Introduction: The prognosis of patients suffering acute ischemic stroke (AIS) is worsened by medical complications that occur during subsequent hospitalization. The incidence, risk factors, and outcomes of gastrointestinal bowel obstruction (GIBO) in AIS have not been previously reported. Methods: We employed the Nationwide Inpatient Sample from 2002 to 2011 to identify all patients admitted with a primary diagnosis of AIS and subsets with and without a secondary diagnosis of GIBO without hernia. Multivariate logistic regression was utilized to analyze predictors of GIBO in AIS patients and the association between GIBO, in-hospital complications, and outcomes. Results: We identified 16,987 patients with GIBO (425 per 100,000) among 3,988,667 AIS hospitalizations and 4.2% of patients of these patients underwent repair surgery for intestinal obstruction.
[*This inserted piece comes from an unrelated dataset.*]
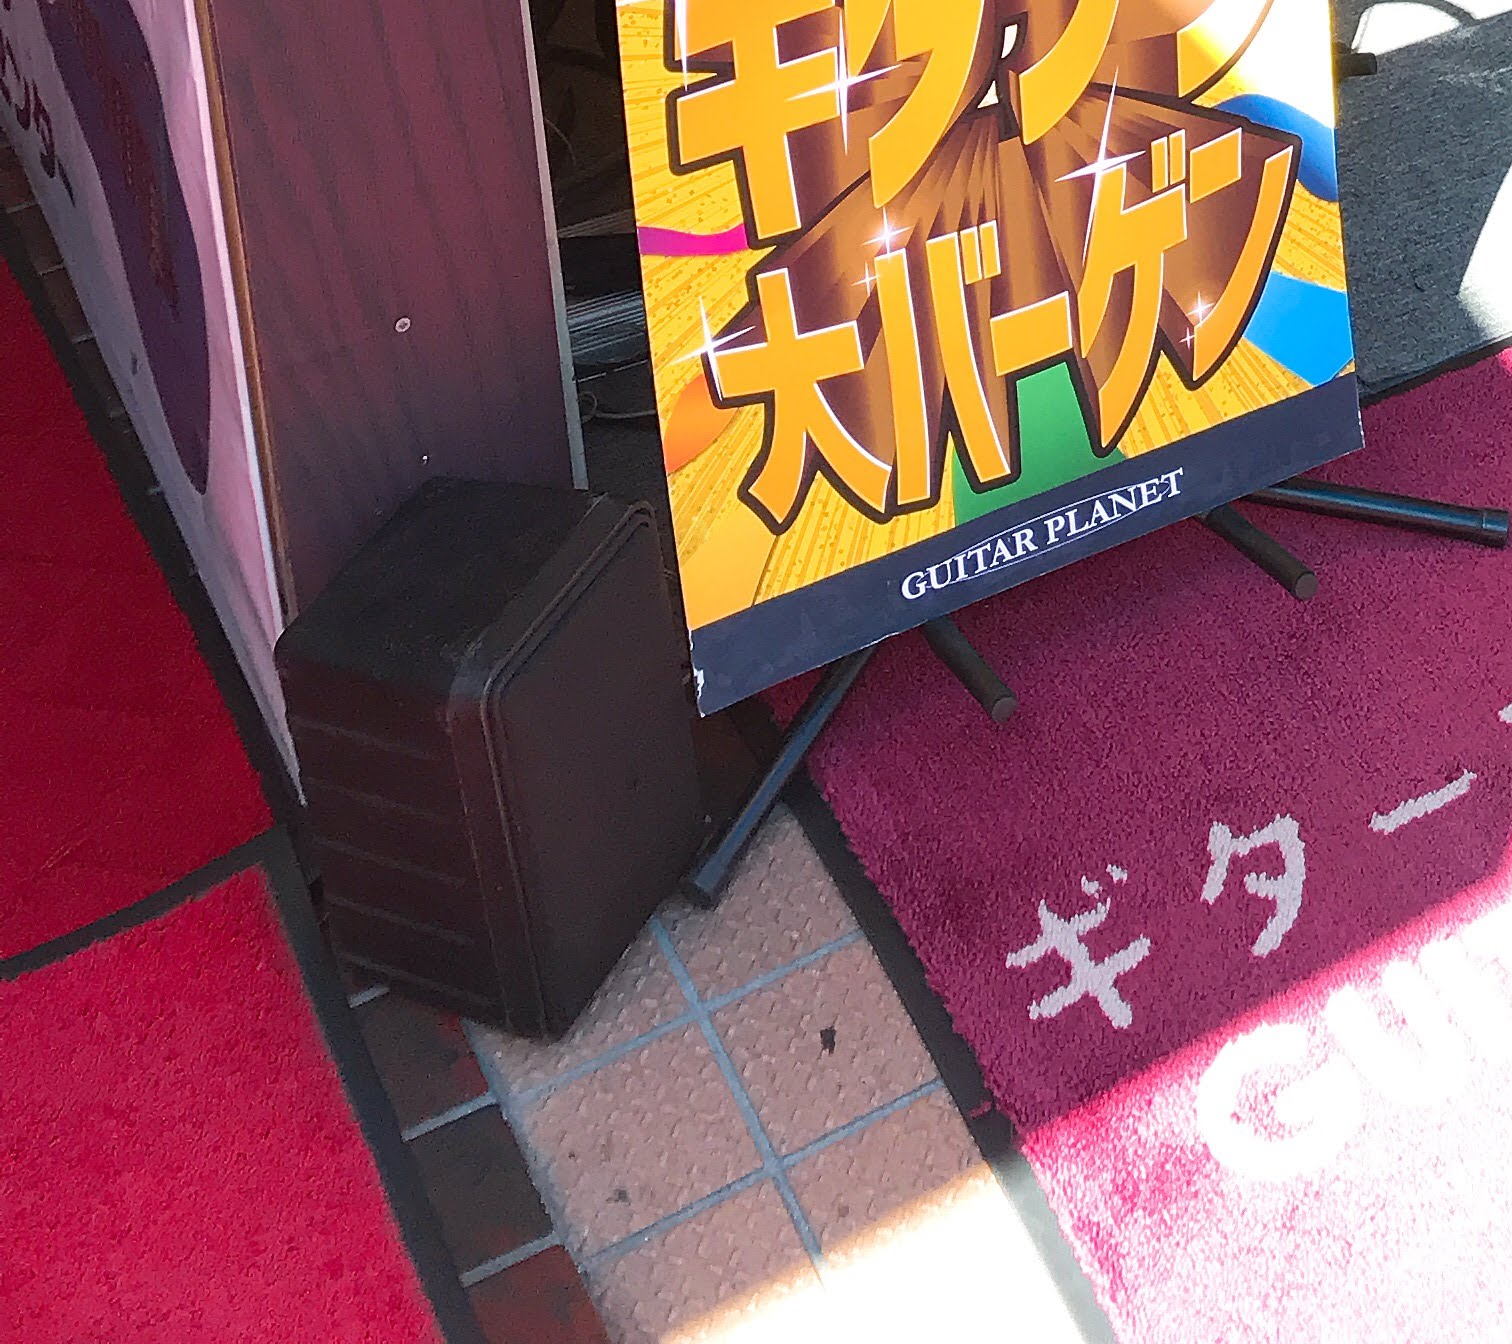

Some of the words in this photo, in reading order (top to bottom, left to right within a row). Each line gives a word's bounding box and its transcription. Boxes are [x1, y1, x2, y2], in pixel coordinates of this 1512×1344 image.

[716, 127, 1297, 524] 大バーゲン
[901, 526, 1038, 600] GUITAR
[1043, 466, 1184, 546] PLANET
Multivariate predictors of GIBO included: age 55-64 (OR: 1.52, 95% CI: 1.40-1.64), age 65-74 (OR: 1.69, 95% CI: 1.56-1.84), age 75+ (OR: 1.97, 95% CI: 1.81-2.13), black race (OR: 1.42, 95% CI: 1.36-1.49), coagulopathy (OR: 1.39, 95% CI: 1.29-1.50), cancer (OR: 1.59, 95% CI: 1.44-1.75), blood loss anemia (OR: 2.51, 95% CI: 2.22-2.84), fluid/electrolyte disorder (OR: 2.91, 95% CI: 2.81-3.02), weight loss (OR: 3.08, 95% CI: 2.93-3.25), and thrombolytic therapy (OR: 1.30, 95% CI: 1.20-1.42) (all p<0.0001). Patients with GIBO had a greater likelihood of suffering intubation (OR: 1.79, 95% CI: 1.70-1.90), deep vein thrombosis (OR: 1.35, 95% CI: 1.25-1.46), pulmonary embolism (OR: 1.84, 95% CI: 1.53-2.21), sepsis (OR: 2.39, 95% CI: 2.22-2.56), acute kidney injury (OR: 1.85, 95% CI: 1.76-1.95), gastrointestinal hemorrhage (OR: 2.82, 95% CI: 2.63-3.03), and blood transfusions (OR: 2.02, 95% CI: 1.90-2.15) (all p<0.0001). In adjusted analyses, AIS patients with GIBO were 284% and 39% more likely to face moderate to severe disability and in-hospital death, respectively (p<0.0001). GIBO occurrence increased length of stay and total costs by an average of 9.7 days and $22,342 (p<0.0001). Conclusion: Advanced age, black race, and several pre-existing comorbidities increase the likelihood of post-AIS GIBO, which is an independent predictor of in-hospital complications, disability, and mortality.